=== Directions ===
Copy out all of the lines below exactly; the pictures do not belong in the copy.

=== Dataset ===
BEGIN

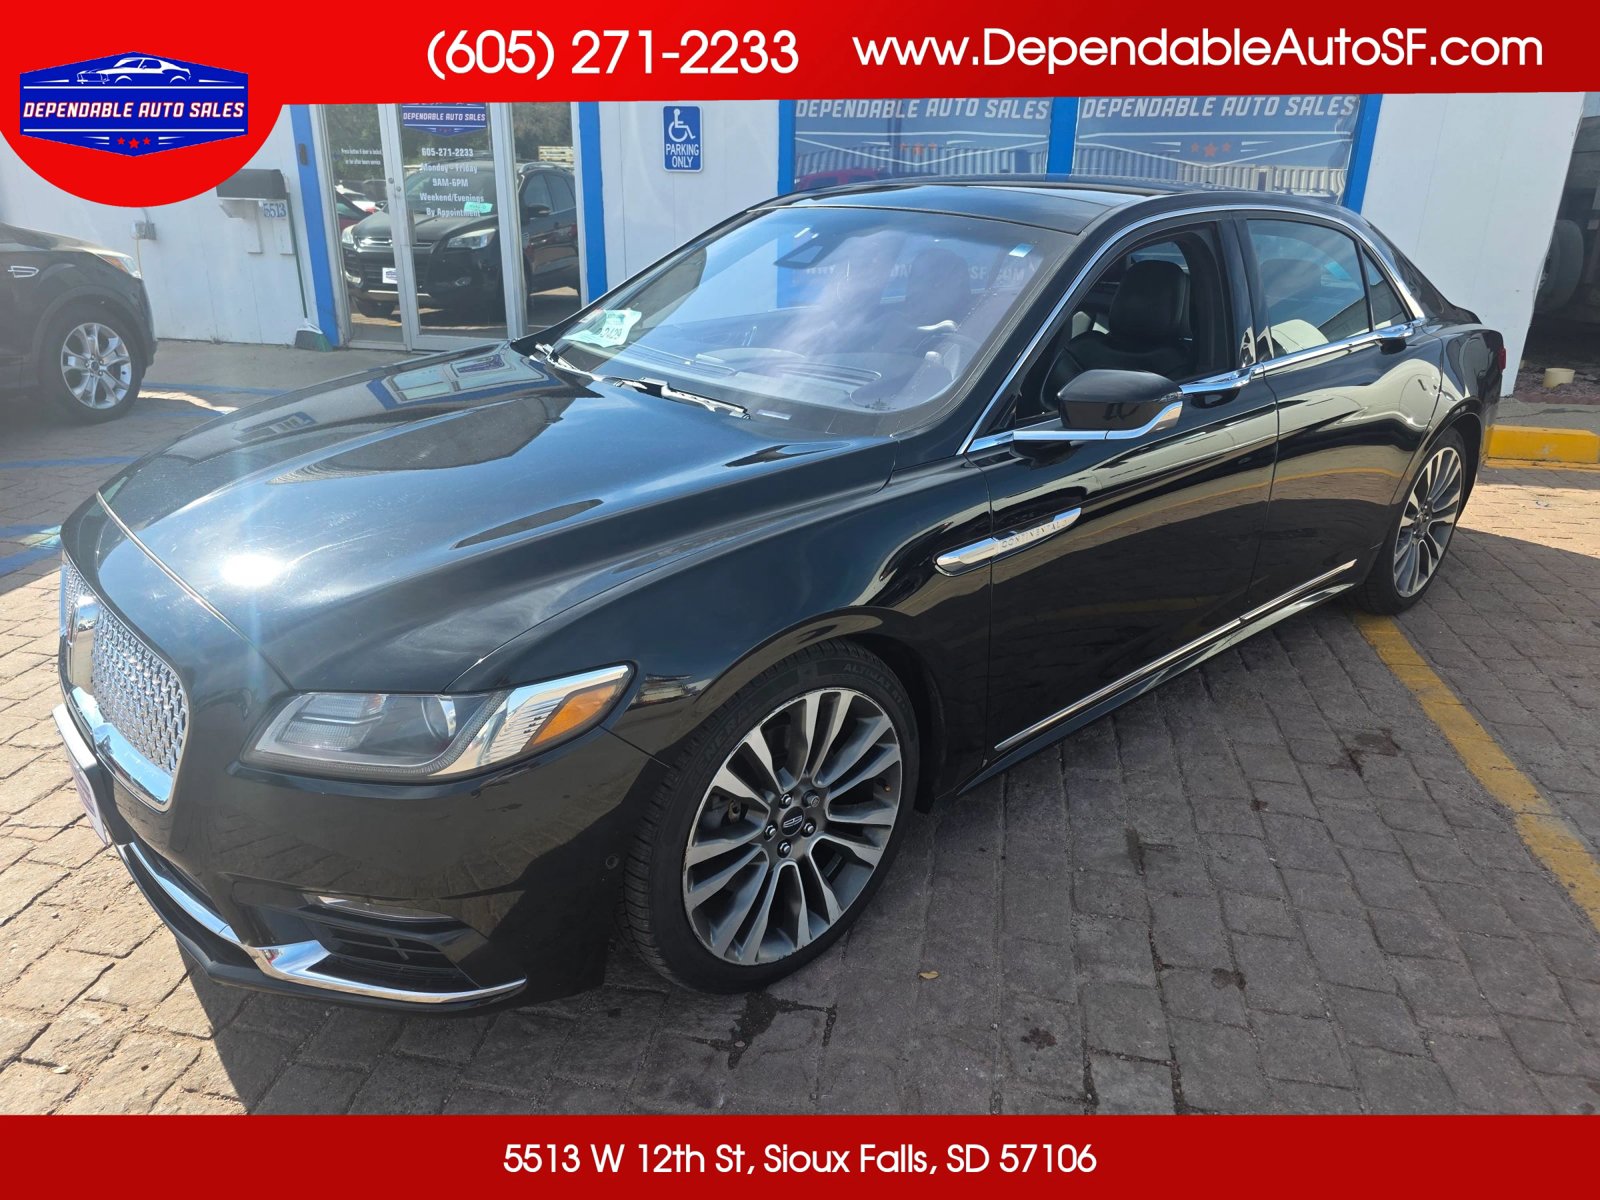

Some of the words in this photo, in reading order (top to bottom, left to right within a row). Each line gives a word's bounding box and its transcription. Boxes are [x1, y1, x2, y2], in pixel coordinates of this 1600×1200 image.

[795, 99, 920, 118] DEPENDABLE
[925, 98, 979, 117] AUTO
[984, 99, 1050, 120] SALES
[1081, 97, 1217, 119] DEPENDABLE
[1220, 97, 1279, 117] AUTO
[1284, 96, 1355, 117] SALES
[402, 112, 444, 121] DEPENDABLE
[445, 113, 463, 121] AUTO
[464, 113, 486, 122] SALES
[421, 147, 474, 157] 605-271-2233
[665, 143, 699, 156] PARKING
[671, 155, 694, 168] ONLY
[421, 163, 449, 173] Monday
[455, 164, 478, 174] Friday
[432, 178, 469, 187] 9AM-6PM
[420, 192, 484, 203] Weekend/Evenings
[263, 203, 287, 218] 5513
[426, 207, 435, 217] By
[437, 207, 481, 217] Appointment
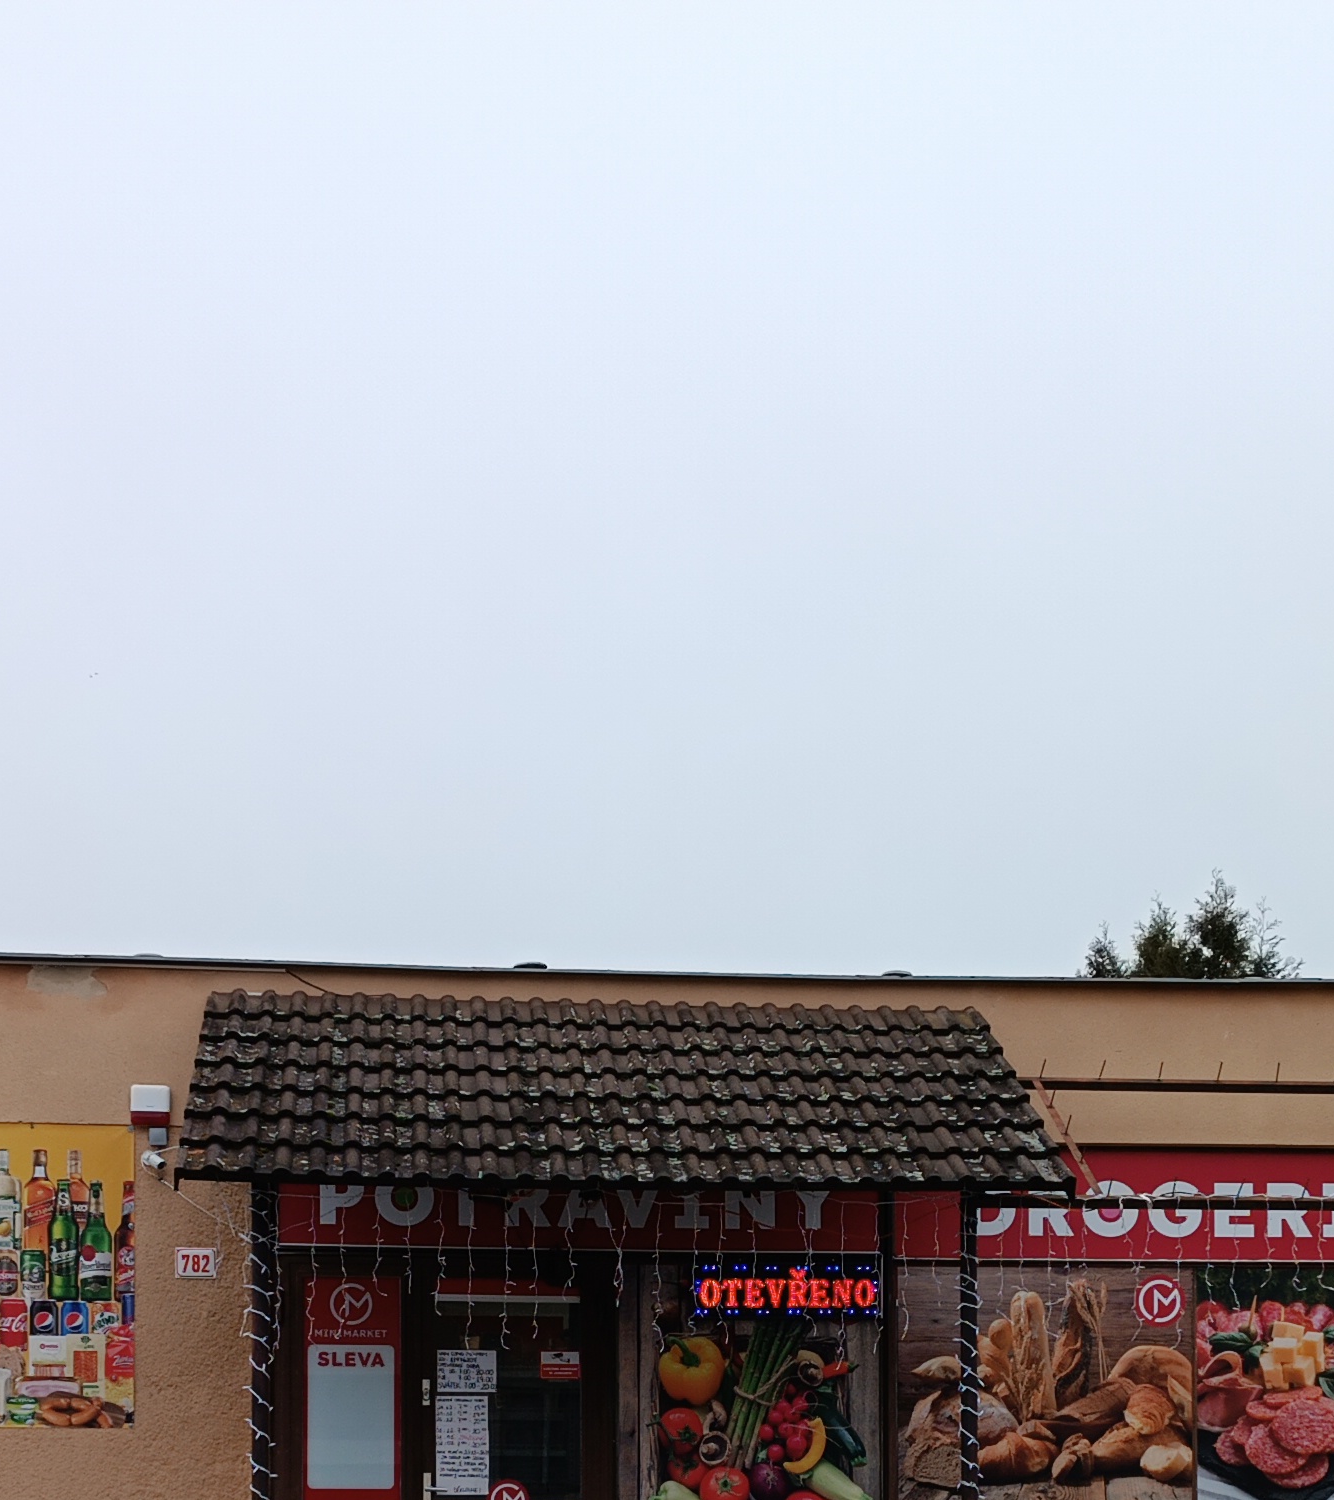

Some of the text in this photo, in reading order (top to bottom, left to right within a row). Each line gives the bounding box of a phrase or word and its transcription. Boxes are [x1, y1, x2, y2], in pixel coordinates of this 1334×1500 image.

END

=== Result for this exercise ===
Some of the words in this photo, in reading order (top to bottom, left to right within a row). Each line gives a word's bounding box and its transcription. Boxes are [x1, y1, x2, y2], in pixel coordinates of this 1600×1200 image.

[795, 99, 920, 118] DEPENDABLE
[925, 98, 979, 117] AUTO
[984, 99, 1050, 120] SALES
[1081, 97, 1217, 119] DEPENDABLE
[1220, 97, 1279, 117] AUTO
[1284, 96, 1355, 117] SALES
[402, 112, 444, 121] DEPENDABLE
[445, 113, 463, 121] AUTO
[464, 113, 486, 122] SALES
[421, 147, 474, 157] 605-271-2233
[665, 143, 699, 156] PARKING
[671, 155, 694, 168] ONLY
[421, 163, 449, 173] Monday
[455, 164, 478, 174] Friday
[432, 178, 469, 187] 9AM-6PM
[420, 192, 484, 203] Weekend/Evenings
[263, 203, 287, 218] 5513
[426, 207, 435, 217] By
[437, 207, 481, 217] Appointment

Some of the text in this photo, in reading order (top to bottom, left to right within a row). Each line gives the bounding box of a phrase or word and its transcription. Boxes are [x1, y1, x2, y2], in pixel coordinates of this 1334×1500 image.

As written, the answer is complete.